Bolehkah Panitia Kurban Mengambil Kulit Hewan Kurban?

Bolehkah Panitia Kurban Mengambil Kulit Hewan Kurban?

Tiap Idul Adha, umat Islam melakukan ibadah kurban dengan menyembelih hewan seperti kambing, sapi, domba, hingga unta. Setelah disembelih, daging hewan kurban dibagikan kepada yang berhak. Agar proses kurban lancar, biasanya dibentuk panitia kurban yang tanggung jawab mulai dari penyembelihan, pengulitan, hingga distribusi daging.

Sering muncul pertanyaan di masyarakat, bolehkah panitia kurban mengambil bagian dari hewan kurban, seperti kulitnya, sebagai bentuk upah? Tanda tanya ini muncul terutama jika panitia bekerja keras dalam pelaksanaan kurban.

Dalam buku "Panduan Qurban dari A sampai Z: Mengupas Tuntas Seputar Fiqh Qurban" karya Ammi Nur Baits, dijelaskan bahwa panitia kurban tidak boleh mengambil kulit atau bagian apapun dari hewan kurban.

Rationale Hukumnya

Panitia dan jagal dianggap sebagai wakil dari shohibul kurban (orang yang berkorban), bukan amil.
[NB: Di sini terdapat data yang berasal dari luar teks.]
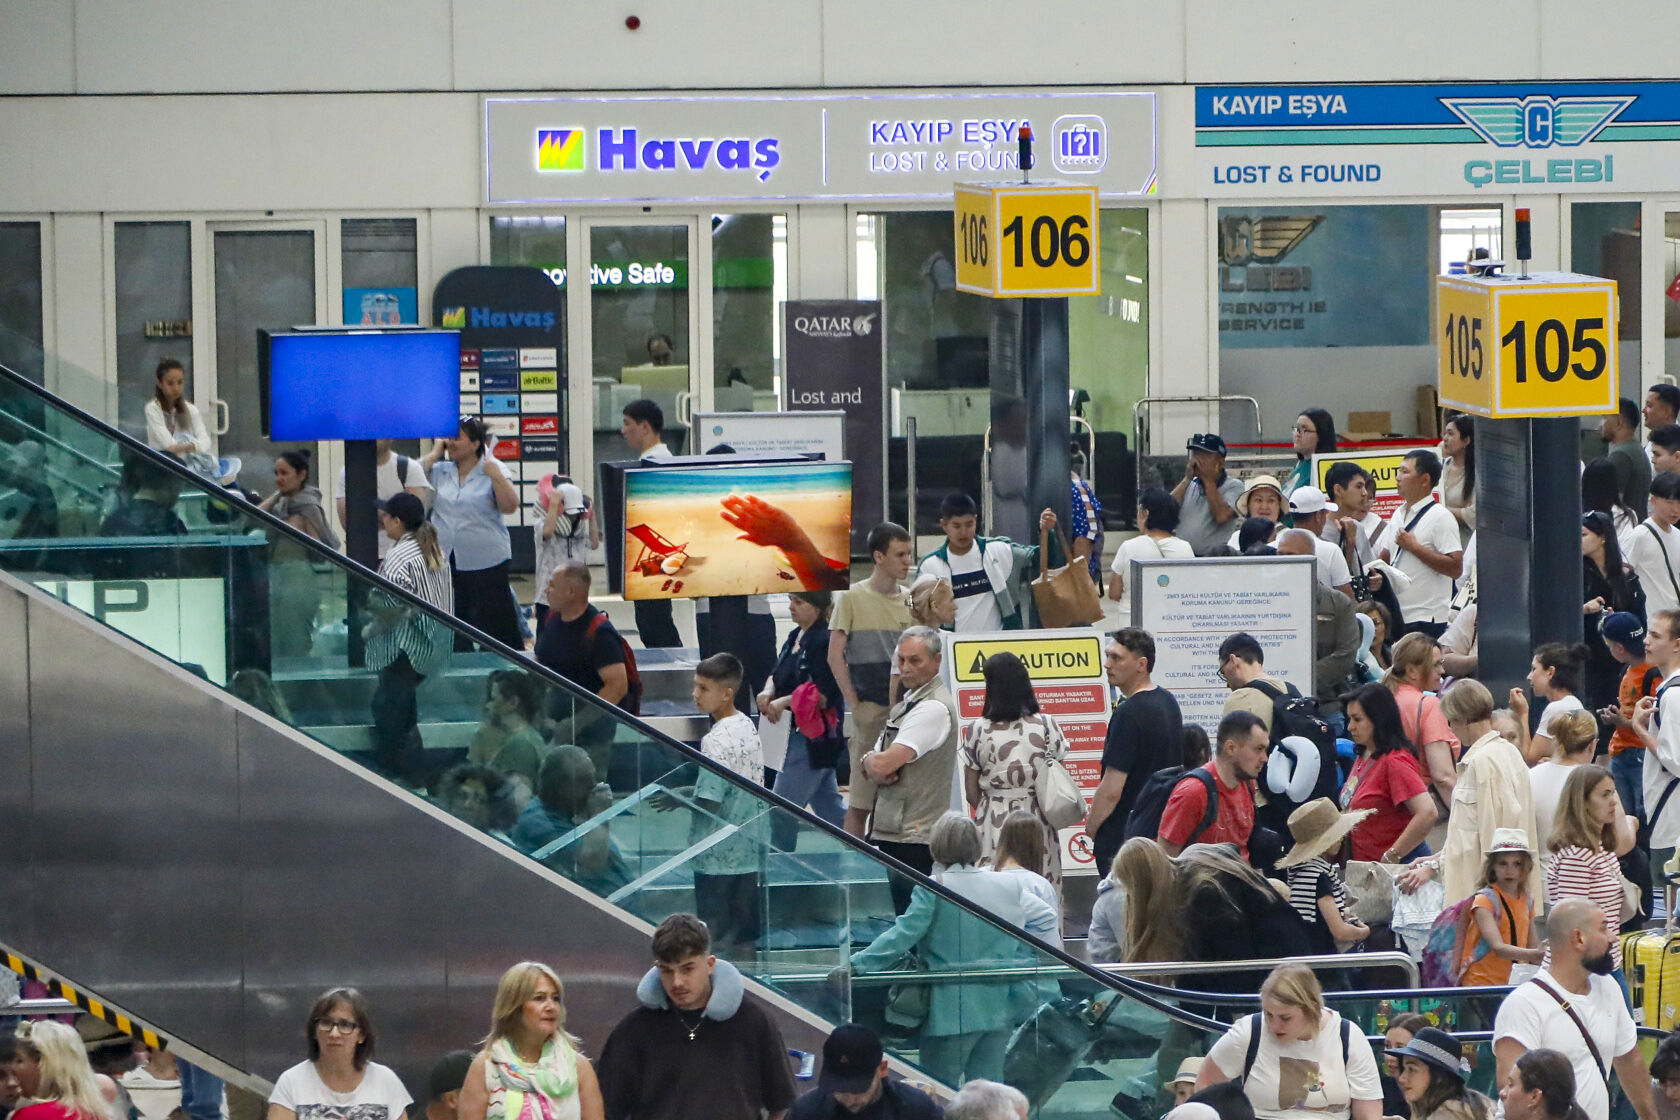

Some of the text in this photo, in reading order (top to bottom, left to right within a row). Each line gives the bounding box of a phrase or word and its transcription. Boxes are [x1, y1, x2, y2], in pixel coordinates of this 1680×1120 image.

[1213, 95, 1347, 119] KAYIP EŞYA
[870, 120, 953, 145] KAYIP
[598, 128, 780, 182] Havaş
[869, 152, 926, 172] LOST
[934, 151, 950, 171] &
[1214, 164, 1381, 184] LOST & FOUND
[1464, 154, 1613, 188] ÇELEBİ
[961, 211, 988, 267] 106
[1003, 214, 1090, 268] 106
[628, 262, 675, 285] Safe
[471, 307, 555, 332] Havaş
[795, 316, 851, 334] QATAR
[1446, 313, 1483, 380] 105
[1502, 317, 1607, 383] 105
[792, 387, 862, 404] Lost and
[1019, 652, 1090, 669] AUTION
Oleh karena itu, mereka tidak boleh mengambil bagian dari hewan kurban sebagai kompensasi. Sebagaimana disebutkan dalam riwayat Ali bin Abi Thalib RA, "Beliau pernah diperintahkan Nabi SAW untuk mengurusi penyembelihan untanya dan mengedistribusikan semua bagian, baik daging, kulit maupun pelana. Dan dia tidak boleh memberikan sedikit pun kepada jagal." (HR Bukhari dan Muslim).
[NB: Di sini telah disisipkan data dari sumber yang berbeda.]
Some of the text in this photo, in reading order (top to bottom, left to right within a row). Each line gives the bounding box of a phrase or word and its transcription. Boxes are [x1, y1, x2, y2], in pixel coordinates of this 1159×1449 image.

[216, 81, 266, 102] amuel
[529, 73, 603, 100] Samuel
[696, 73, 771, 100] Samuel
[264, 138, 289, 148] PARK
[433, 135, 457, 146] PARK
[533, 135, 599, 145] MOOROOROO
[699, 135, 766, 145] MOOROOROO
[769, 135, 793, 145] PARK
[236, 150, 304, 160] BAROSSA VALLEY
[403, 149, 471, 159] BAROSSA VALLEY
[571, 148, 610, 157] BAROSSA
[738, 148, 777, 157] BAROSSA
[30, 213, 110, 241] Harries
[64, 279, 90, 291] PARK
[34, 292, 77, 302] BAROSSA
Nabi SAW bersabda, “Kami mengupahya dari uang kami pribadi.” (HR Muslim)

Kutipan tersebut menunjukkan bahwa syariat melarang memberikan bagian hewan kurban, termasuk kulitnya, kepada jagal sebagai upah. Sebagian besar ulama sepakat, pemberian demikian dianggap pelanggaran terhadap aturan kurban.

Alternatif Upah untuk Panitia

Meskipun tidak diperbolehkan mengambil bagian dari hewan kurban, shohibul kurban tetap bisa memberikan upah dalam bentuk lain, seperti uang atau hadiah. Hal ini dilakukan sebagai bentuk penghargaan atas jasa panitia selama proses kurban.

Menerima Kulit Hewan Kurban Sebagai Sedekah

Pemberian sebagian hewan kurban, seperti daging atau kulit, kepada panitia atau jagal diperbolehkan jika niatnya bukan sebagai upah, melainkan sebagai hadiah atau sedekah.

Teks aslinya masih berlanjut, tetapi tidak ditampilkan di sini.